Feb 3 2009
A new study by researchers from Rush University Medical Center and Tufts University School of Medicine using mice indicate that a child's memory and the severity of learning disorders may be affected by what his or her mother did when she was a child.
Findings from the study will be published in the February 4th issue of The Journal of Neuroscience .
Neuroscience researchers studied the brain function of pre-adolescent mice that have a genetically-created defect in memory. When these young mice were given an enriched environment, which is exposure to stimulatory objects, enhanced social interaction and voluntary exercise for two weeks, the memory defect, caused by inhibiting the formation of Ras-GRF1 and Ras-GRF2 proteins, was reversed.
After a few months, the same mice were fertilized and they gave birth to offspring that had the same genetic mutation. However, the offspring had no indications of the memory defect even though the offspring were never exposed to an enriched environment like their mothers.
Previous research in mouse models has shown that early exposure to an enriched environment while pregnant can also positively affect offspring.

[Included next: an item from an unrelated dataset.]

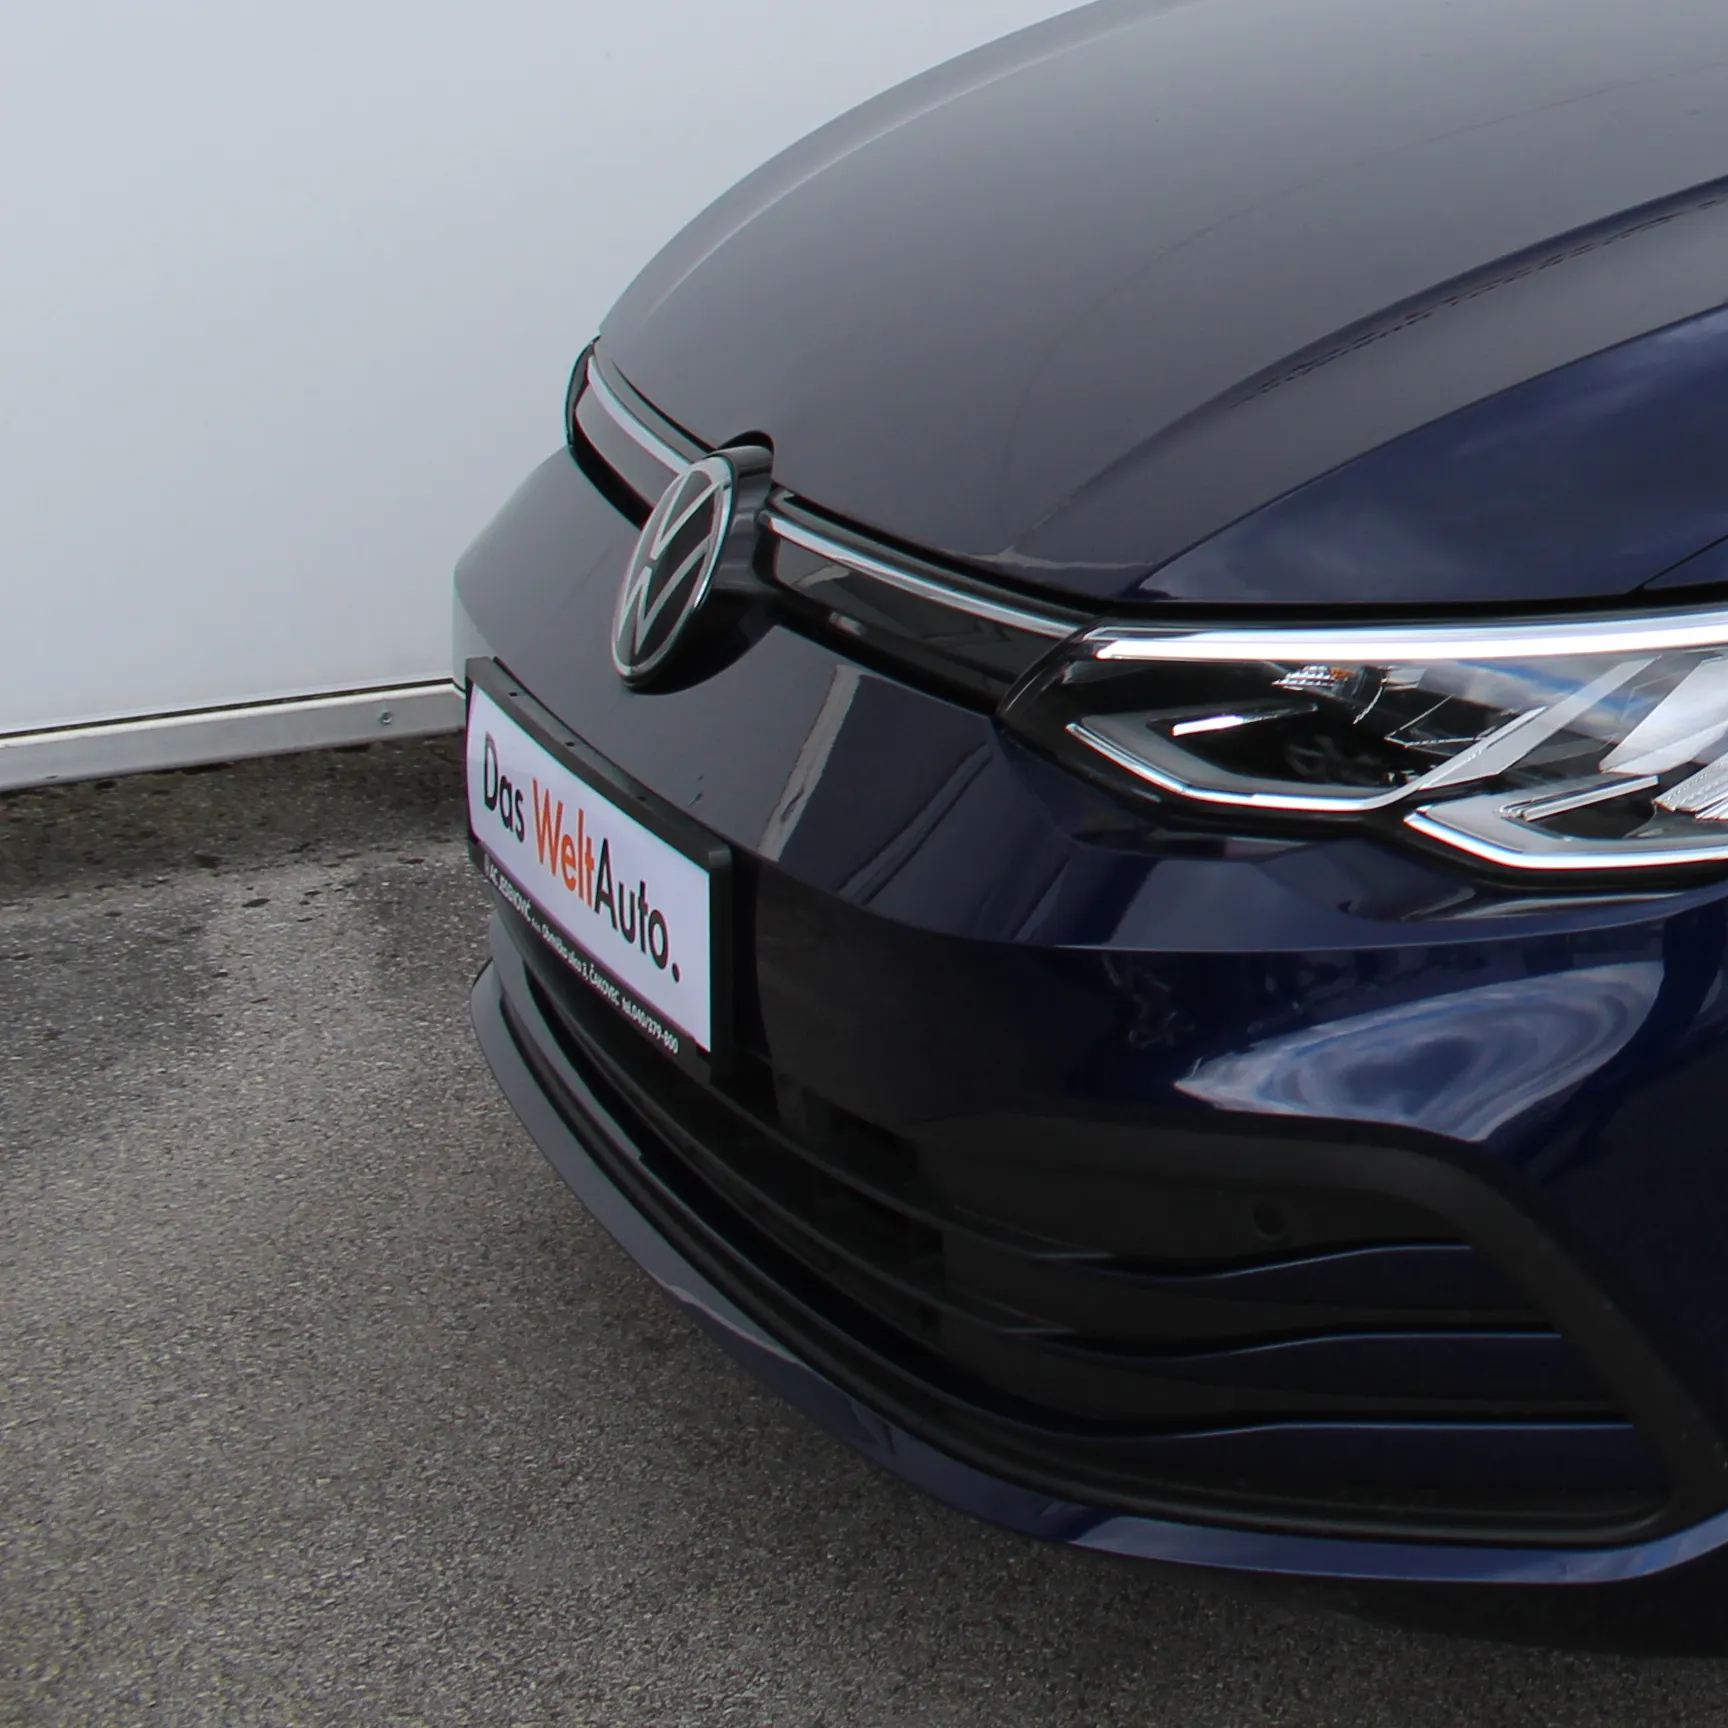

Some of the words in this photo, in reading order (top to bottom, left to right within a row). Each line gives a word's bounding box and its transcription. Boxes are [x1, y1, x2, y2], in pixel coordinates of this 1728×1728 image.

"What is so unique about this study is that we provided an enriched environment during pre-adolescence, months before the mice became pregnant, yet the beneficial effect reached into the next generation," said Dean Hartley, PhD, neuroscience researcher at Rush University Medical Center and study co-investigator. "The offspring had improved memory even without an enriched environment."
"We were able to demonstrate that environmental enrichment during youth has dramatic additional powers," said Hartley. "It can enhance the memory in future offspring of enriched juvenile mice."
To prove that that improved memory of the offspring was not the result of better nurturing by mothers who were enriched when they were young, a number of offspring were raised by non-enriched foster mothers. Even in the offspring raised by non-enriched mothers, they still maintained an improved memory.
"This example of 'inheritance of acquired characters' was first proposed by Jean- Baptiste Lamarck in the early 1800s. However, it is incompatible with classical Mendelian genetics, which states that we inherit qualities from our parents through specific DNA sequences they inherited from their parents. We now refer to this type of inheritance as epigenetics, which involves environmentally-induced changes in the structure of DNA and the chromosomes in which DNA resides that are passed on to offspring," said Larry Feig, PhD, professor of biochemistry at Tufts University School of Medicine.
Previous research has shown that a relatively brief exposure to an enriched environment in both normal and memory-deficient mice unlocks an otherwise latent biochemical control mechanism that enhances a cellular process in nerve cells called long-term potentiation (LTP). LTP is thought to be involved in learning and memory. This enhancement was detected in pre-adolescent mice but not in adult mice, reflecting the brain's higher plasticity in the young.
"This is the first study to demonstrate an inheritance of a change in a signaling pathway that promotes LTP and enhancement of memory formation, and that defects caused by a genetic mutation can be reversed by what the mother is exposed to during her youth," said Hartley.
The phenomenon described in this study indicates that juvenile enrichment affects LTP in the next generation. However, the study found that it does not in subsequent generations because the effect of the enriched environment wears off faster in the offspring.